Learning right thing at right time
I have had computers at home since I knew how to count. My first operating system was windows 95 and my first game was paratrooper.
Paratrooper game where you shoot helicopters and men jumping down to destroy your base
A decade+ into my software career I sometimes wonder why I didn't become a whizz kid who's really into programming. I got access to computers, I learnt my first programming language – BASIC when I was 6. I learnt C and C++ when I was 10. I have coded one and off throughout the school and my college. I should've been a rockstar programmer, a cracked hacker by teenage. Yet I started my liking towards computer programs only during late university days.
I got access and opportunity to learn and I was taught programming yet I wasn't obsessively into programming as a kid. As an adult when I look back, one thing that comes to my mind is I haven't shown what a computer program can do that I could relate to. Yes, calculating math, okay, printing an inverted triangle using asterisks(*) on a black screen, cool, now what?.
Common C/Cpp exercise
I could relate a lot to the games, the joy when my 8bit games booted up, the happiness when I realised there is more than 8bit games, 16bit with lots of colours. I used to spend my childhood playing Dangerous Dave, Road Rash, and Doom.
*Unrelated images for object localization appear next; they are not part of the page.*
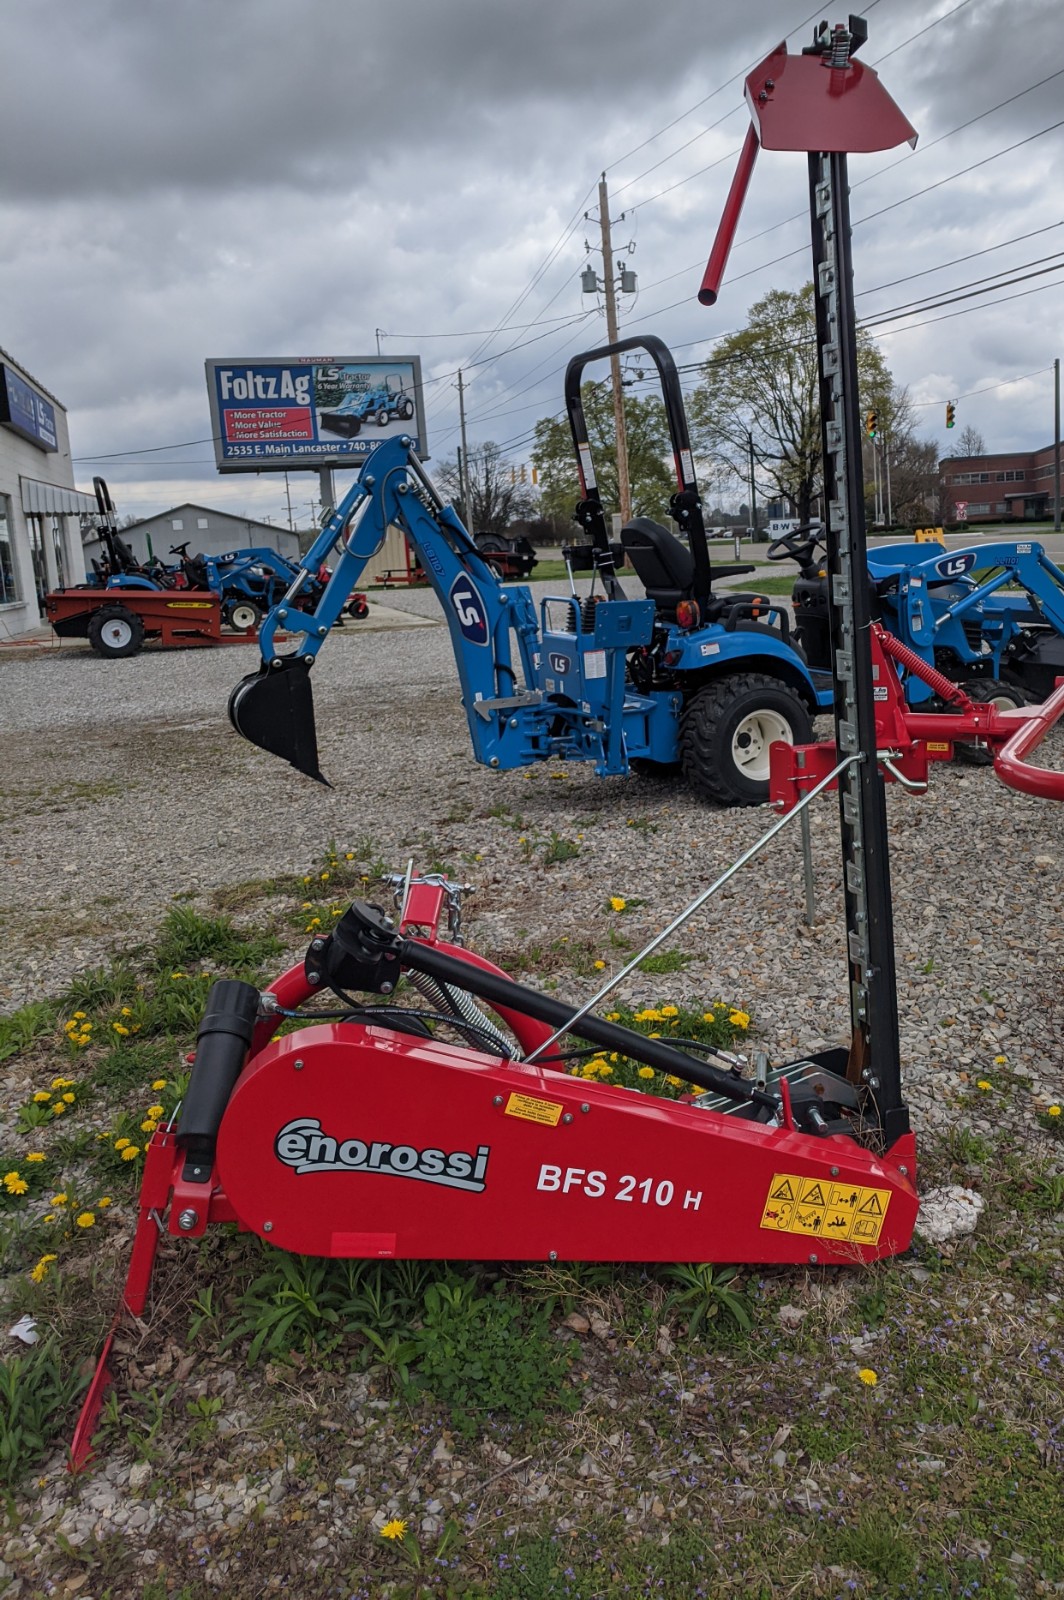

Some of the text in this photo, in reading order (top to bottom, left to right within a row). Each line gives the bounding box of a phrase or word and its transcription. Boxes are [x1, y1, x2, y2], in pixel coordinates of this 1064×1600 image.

[318, 368, 339, 381] LS
[339, 382, 370, 390] Warranty
[260, 430, 308, 438] Satisfaction
[227, 446, 252, 456] 2535
[255, 445, 264, 454] E.
[266, 444, 291, 454] Main
[292, 442, 340, 454] Lancaster
[947, 558, 966, 575] LS
[454, 592, 480, 626] LS
[554, 658, 566, 672] LS
[276, 1129, 489, 1180] enorossi
[536, 1164, 704, 1211] BFS 210 H
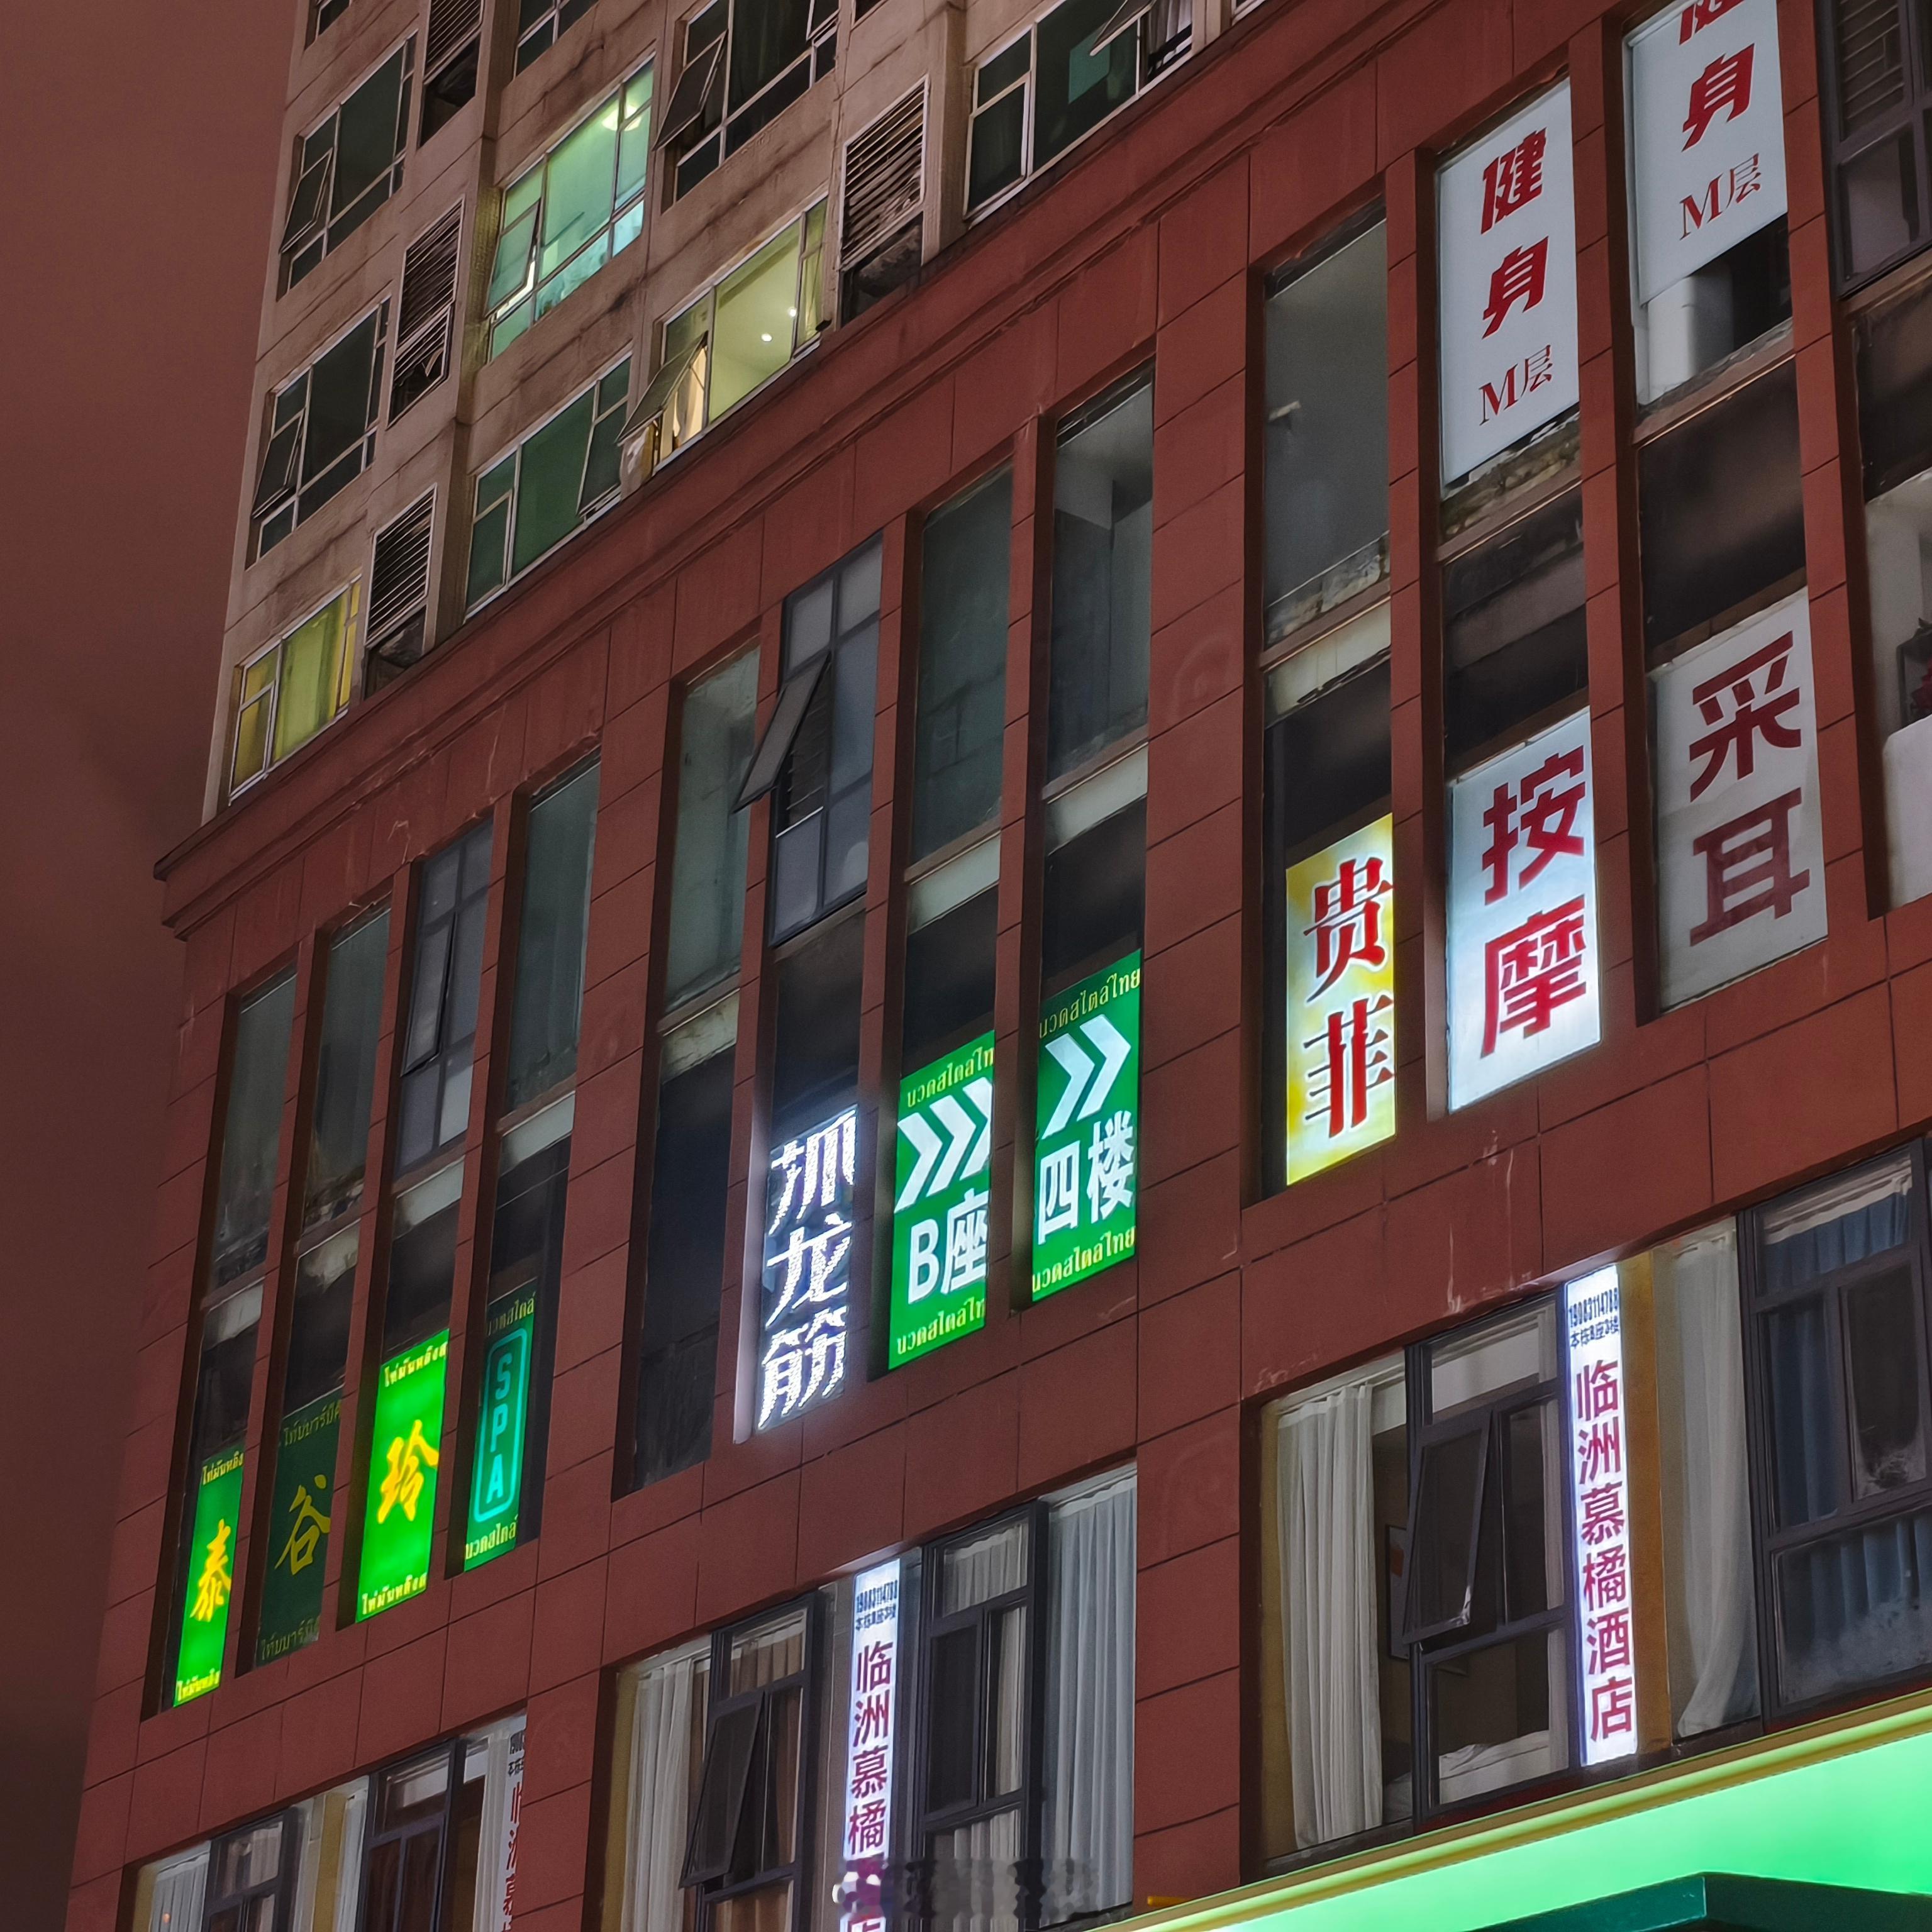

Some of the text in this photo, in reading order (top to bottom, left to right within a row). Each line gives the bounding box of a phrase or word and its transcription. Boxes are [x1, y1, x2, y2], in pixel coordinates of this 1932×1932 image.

[1479, 127, 1548, 340] 健身
[1680, 153, 1762, 240] M层
[1479, 345, 1553, 426] M层
[1689, 631, 1810, 947] 采耳
[1480, 746, 1587, 1058] 按摩
[1303, 858, 1394, 1138] 贵菲
[908, 1187, 990, 1305] B座
[1038, 1111, 1135, 1245] 四楼
[758, 1109, 856, 1430] 抓龙筋
[487, 1353, 513, 1501] SPA
[189, 1519, 231, 1623] 泰
[274, 1474, 331, 1575] 谷
[1576, 1358, 1633, 1741] 临洲慕橘酒店
Dangerous Dave platformer game by John Romero who's (ex)friend of John Carmack, the creators of Doom
Perhaps if I was taught how to develop basic games instead of doing math exercises, I would have picked up early interest in computer programming. The way I fell in love into (embedded) programming when I could really see my electronics, robotics and IoT projects coming into life that I use to learn as theory at classes.
As an young adult I could relate to joy of bringing things to life and earning pocket money by teaching others, as a kid I would've related to things that brought me joy which is playing games.
I also remember reading Peter Thiel's Zero To One right when I came out of college and I don't remember a god damn thing about it but now as an entrepreneur I could relate a lot to it.
There are so many things to learn yet I have so limited time, I feel one of the most important thing about learning is learning right thing at right time.